MAGs have the potential to improve metagenomic data classification even further, but are currently limited by their poorly defined taxonomy
While the addition of cultured isolate genomes clearly improves classification accuracy, it must be acknowledged that cultivation of microbes, and formally describing their taxonomy, are hugely time-consuming and labour-intensive activities . Furthermore, many microbes may prove difficult to cultivate under laboratory conditions . There are therefore significant bottlenecks that preclude the required widespread cultivation and characterisation of microbes. Therefore, the incorporation of MAGs, which can be generated without having to cultivate microbes in the laboratory, and can be done at far greater scale, in reference databases is an extremely promising additional or alternative avenue to improve classification of metagenomics datasets. In support of this, the addition of RUGs (MAGs) to the RefSeq database in this study (RefRUG) improved classification rate, which confirms the observations of other studies. Stewart et al. observed poor classification rates of rumen metagenomic data when using RefSeq, and reported the addition of Hungate collection genomes led to a classification rate increase of 2-fold, and the addition of RUGs led to an increase of 5-fold . In a different study, Stewart et al. noted an increase of 10% in classification rate when adding Hungate collection genomes, and a 50–70% increase when adding RUGs to the reference database . Xie et al. observed improvements in taxonomic classification rate with the addition of rumen MAGs to the reference database, compared with using Genbank and RMG entries alone .

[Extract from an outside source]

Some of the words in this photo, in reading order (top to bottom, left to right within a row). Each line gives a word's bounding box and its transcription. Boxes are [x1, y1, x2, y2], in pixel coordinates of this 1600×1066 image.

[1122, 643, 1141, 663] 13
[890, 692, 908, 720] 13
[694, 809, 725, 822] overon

Although addition of RUGs increased classification rate, using the RUG database resulted in the classification of reads with varying accuracy. In some respects, the effect was positive. For example, at the family and genus levels classification using the RUG database resulted in less reads being incorrectly classified than when using the RefSeq database. However, it is clear that there are likely to be significant issues with accuracy when using common current reference databases to classify metagenomic data. In this study, the ground truth information was available, which means we can say with certainty that some of the data was classified incorrectly. However, in real world scenarios, the correct taxonomy of the newly-sequenced data is of course unavailable, which means that the accuracy of classification results is difficult to quantify. We term such incorrectly classified reads as false positives, because in real world studies these incorrect classifications would be considered genuine. Marcelino et al. hypothesise that false positives occur as a result of conserved regions of reference genomes and sequence contamination in databases . The use of each database classified some reads as false positives, although the highest number of false positives were classified by the reference databases containing RefSeq. In particular, classification using the RefSeq, Mini and RefRUG databases resulted in the apparent detection of thousands of species that were simply not there. The occurrence of false positives in this study indicates that false positives could be a common occurrence in metagenomic read classification.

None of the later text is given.